Source material below:

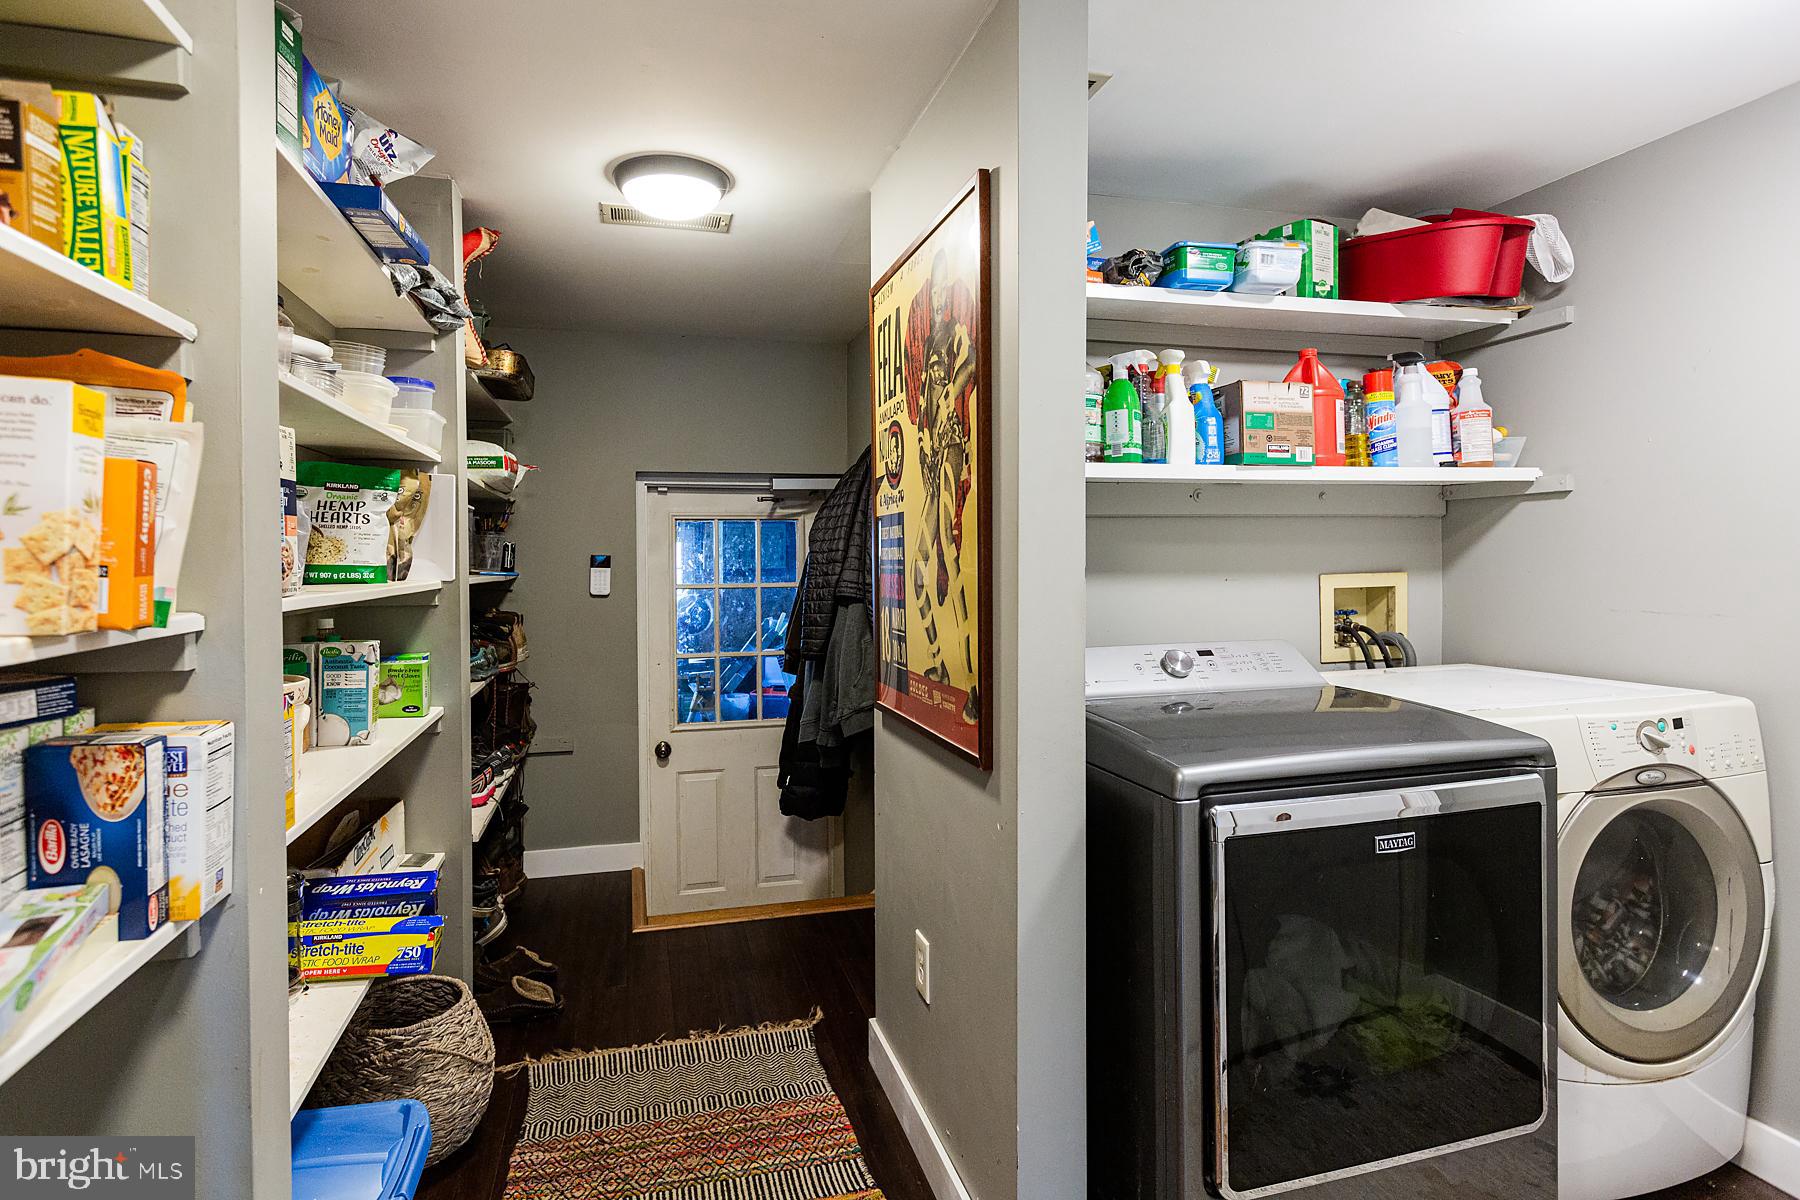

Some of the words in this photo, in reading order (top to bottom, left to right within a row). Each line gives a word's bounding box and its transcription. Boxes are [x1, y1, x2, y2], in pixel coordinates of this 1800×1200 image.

[315, 101, 340, 137] Honey
[319, 121, 338, 149] Maid
[60, 128, 98, 208] NATURE
[73, 208, 101, 274] VALLE
[877, 306, 903, 408] FELA
[1300, 386, 1309, 396] 72
[326, 482, 359, 490] KIRKLAND
[326, 491, 358, 502] Organic
[141, 467, 153, 545] Crunchy
[316, 500, 367, 512] HEMP
[310, 511, 371, 525] HEARTS
[45, 823, 58, 861] Barilla
[80, 823, 91, 868] LASAGNE
[1379, 837, 1414, 850] MAYTAG
[311, 883, 353, 896] Wrap
[355, 877, 428, 893] Reynolds
[308, 907, 352, 921] Wrap
[353, 901, 426, 918] Reynolds
[397, 946, 421, 958] 750
[322, 957, 350, 967] FOOD
[352, 955, 380, 964] WRAP
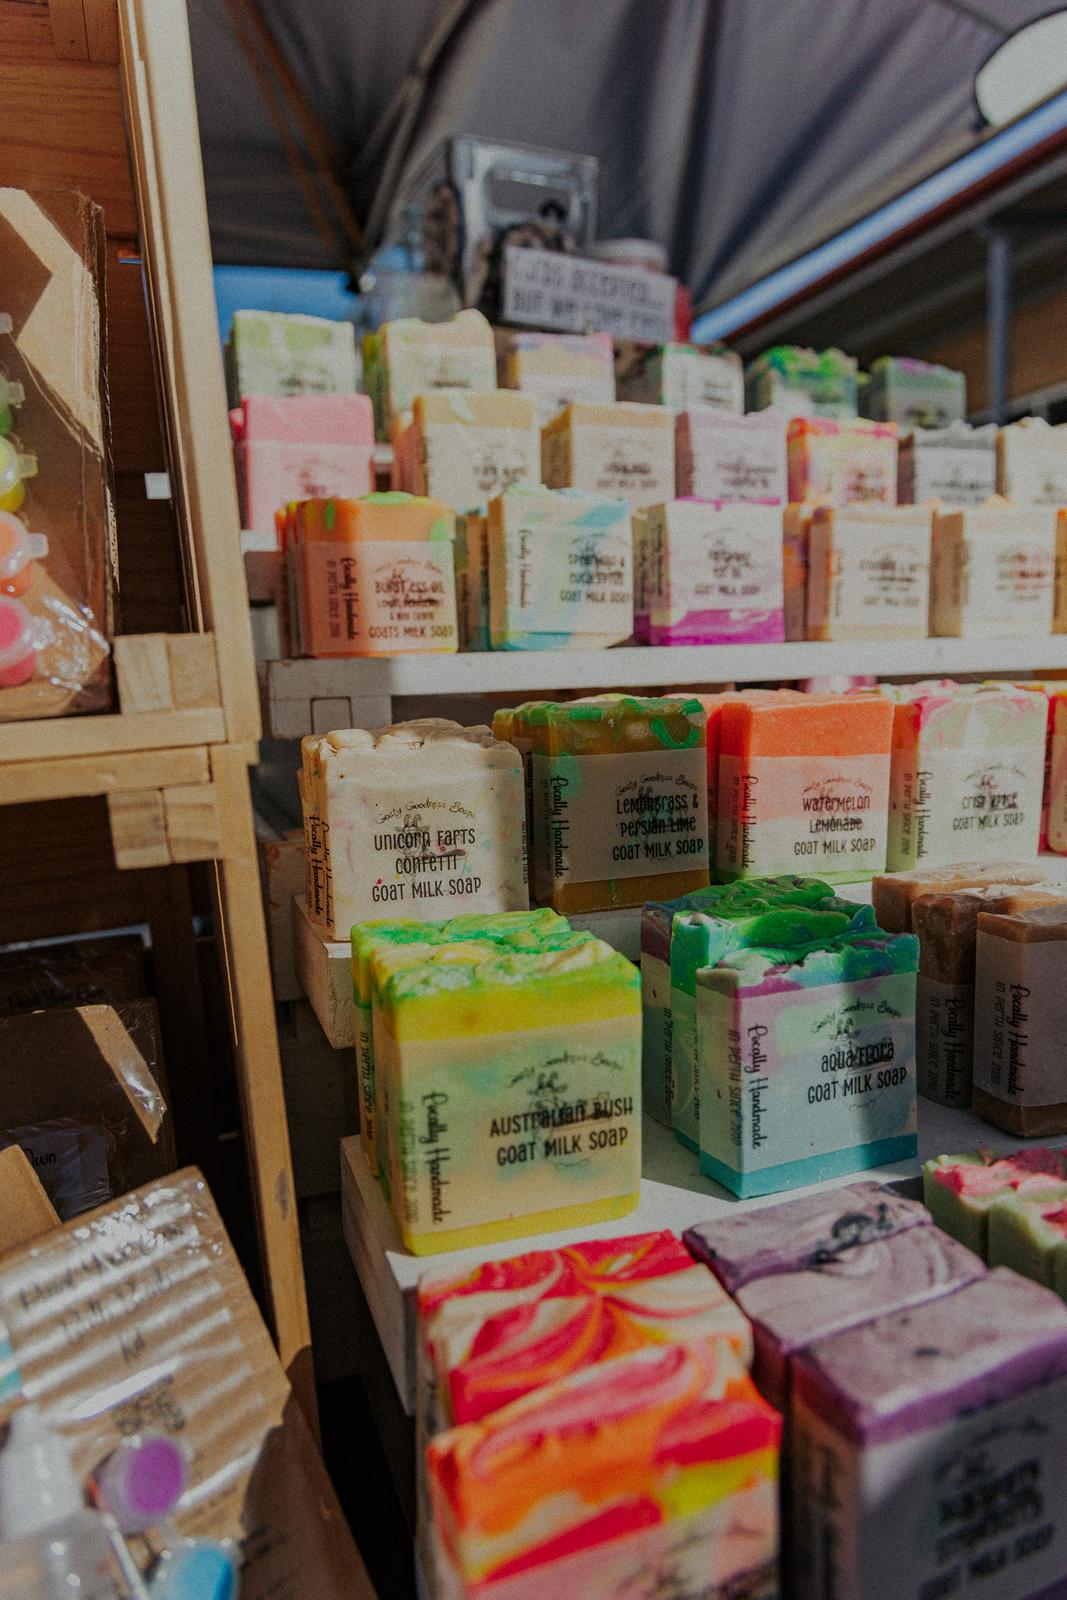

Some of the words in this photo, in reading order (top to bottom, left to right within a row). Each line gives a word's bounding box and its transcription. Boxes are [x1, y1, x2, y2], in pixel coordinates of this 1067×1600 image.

[612, 844, 641, 861] GOAT
[645, 841, 672, 858] MILK
[676, 838, 704, 855] SOAP
[794, 840, 818, 855] GOAT
[823, 838, 847, 854] MILK
[851, 838, 876, 852] SOAP
[372, 883, 406, 903] GOAT
[411, 880, 443, 899] MILK
[449, 876, 482, 895] SOAP
[1006, 983, 1031, 1028] Locally
[744, 1023, 768, 1074] Locally
[1007, 1031, 1028, 1096] Handmade
[808, 1080, 839, 1104] GOAT
[843, 1074, 873, 1097] MILK
[877, 1066, 907, 1089] SOAP
[749, 1077, 769, 1149] Handmade
[497, 1141, 536, 1166] GOAT
[544, 1134, 582, 1158] MILK
[589, 1126, 628, 1150] SOAP
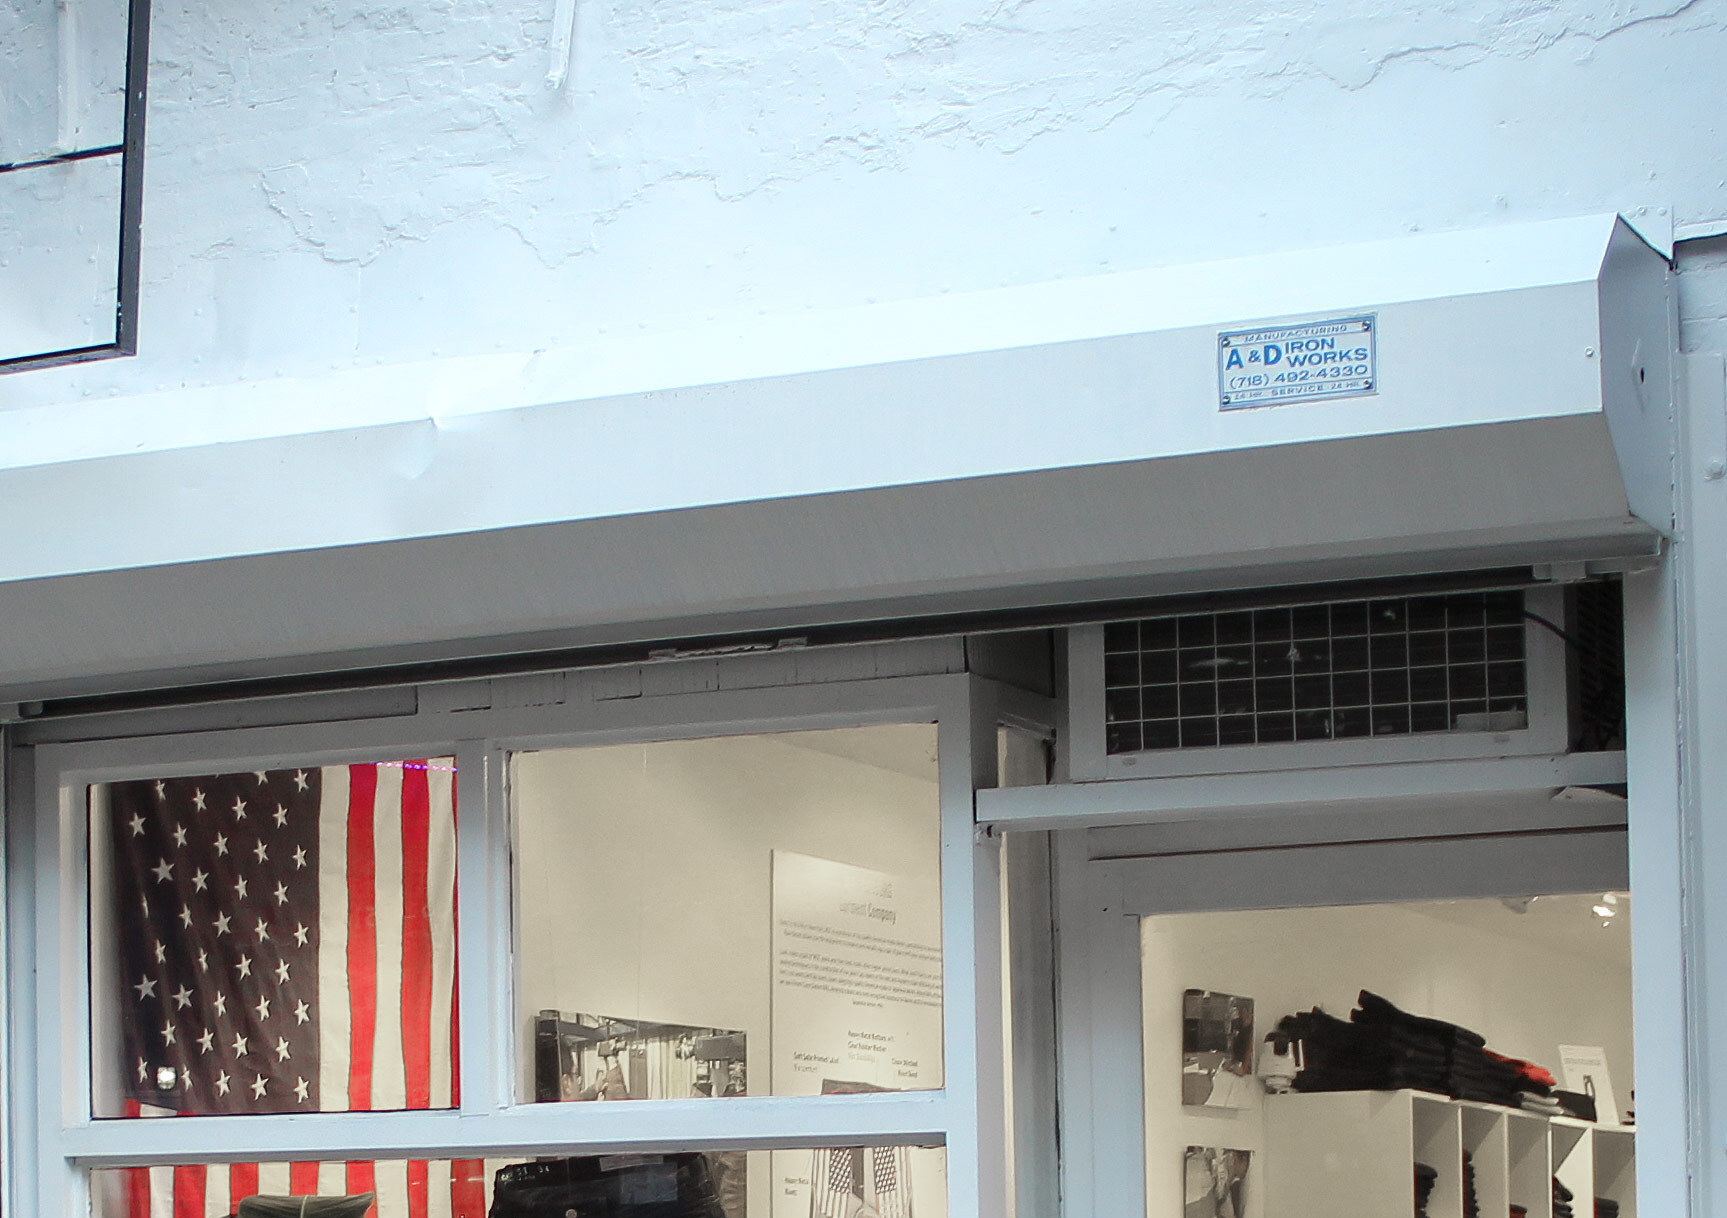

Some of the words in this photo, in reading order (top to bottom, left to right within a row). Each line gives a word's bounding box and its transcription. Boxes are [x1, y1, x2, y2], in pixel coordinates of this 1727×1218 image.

[1225, 348, 1244, 370] A
[1248, 350, 1262, 363] &
[1264, 343, 1282, 366] D
[1285, 337, 1335, 354] IRON
[1287, 347, 1368, 368] WORKS
[1230, 374, 1269, 390] (718)
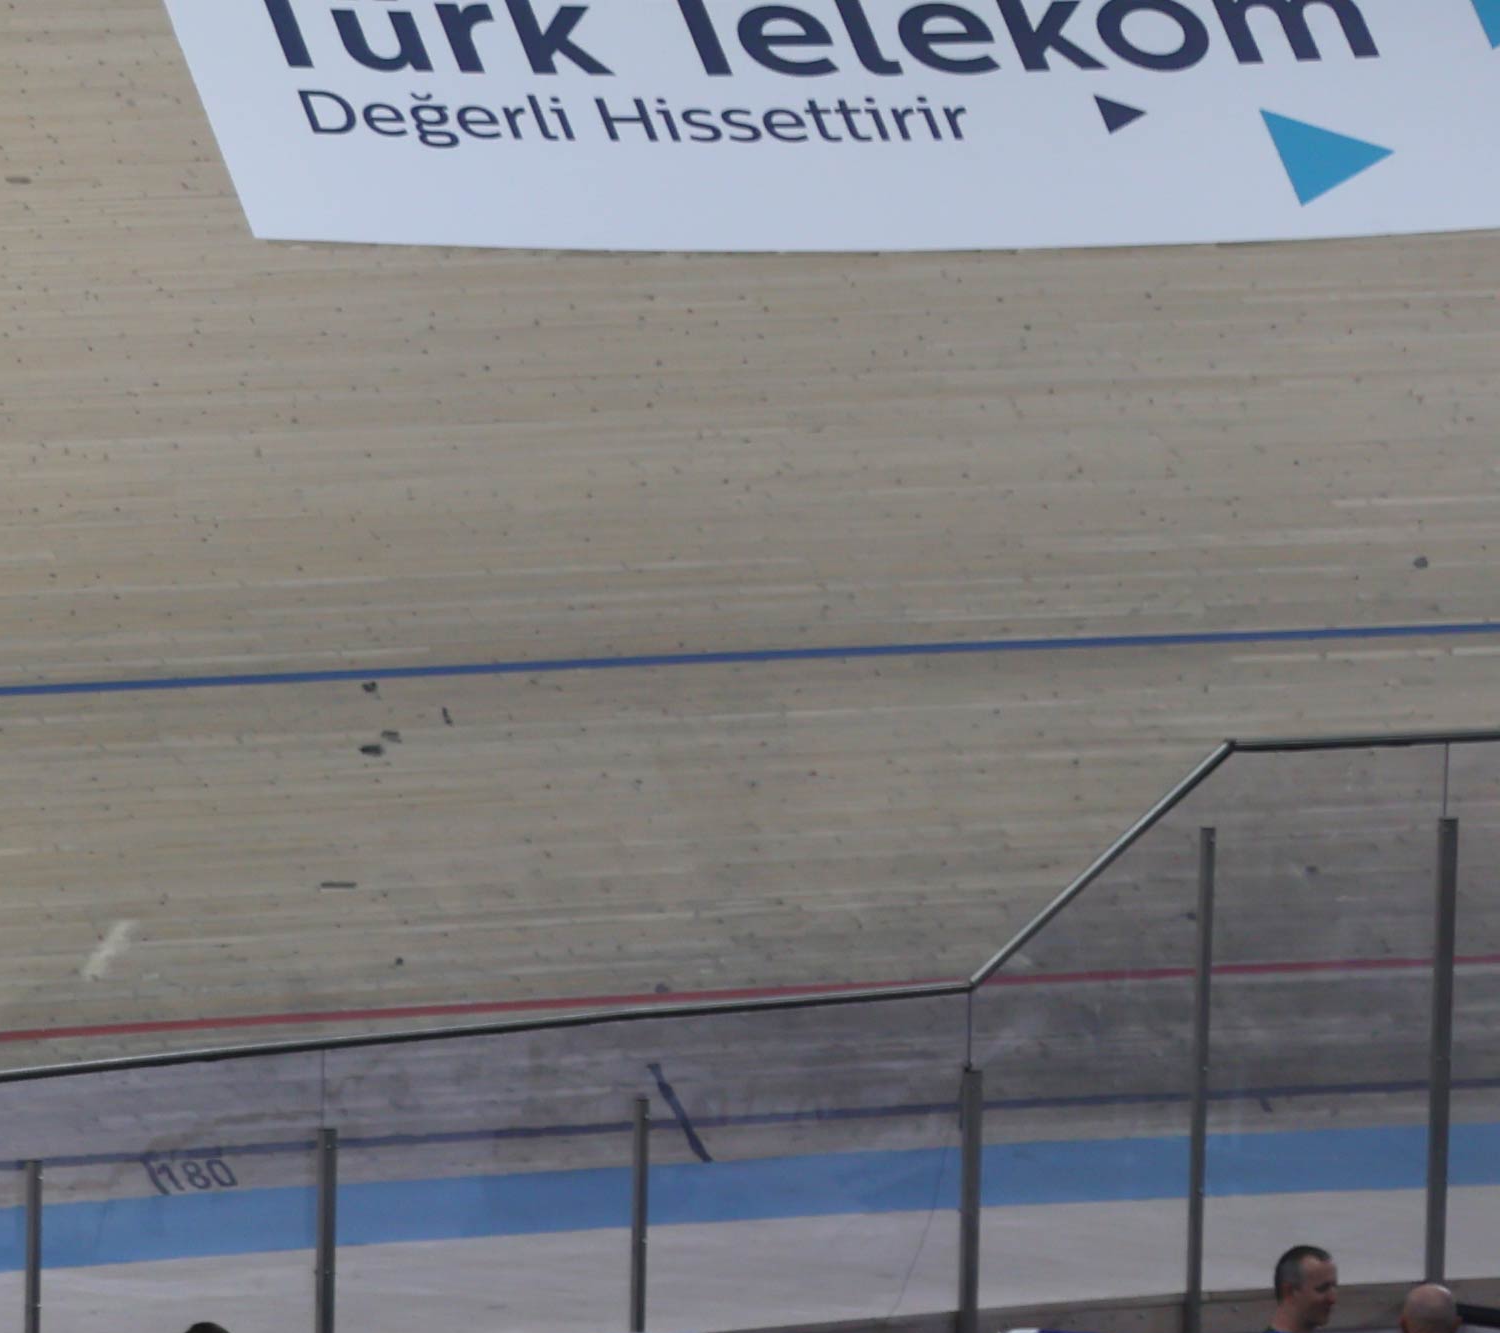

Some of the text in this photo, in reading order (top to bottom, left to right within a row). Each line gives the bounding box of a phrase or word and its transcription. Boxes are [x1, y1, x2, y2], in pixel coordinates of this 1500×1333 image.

[297, 89, 969, 148] Değerli Hissettirir
[156, 1158, 238, 1191] 180

End of Source material.

Exactly the lines from the one holding "Some of the text" through the end of the records above are to be returned, and nothing else.

Some of the text in this photo, in reading order (top to bottom, left to right within a row). Each line gives the bounding box of a phrase or word and its transcription. Boxes are [x1, y1, x2, y2], in pixel coordinates of this 1500×1333 image.

[297, 89, 969, 148] Değerli Hissettirir
[156, 1158, 238, 1191] 180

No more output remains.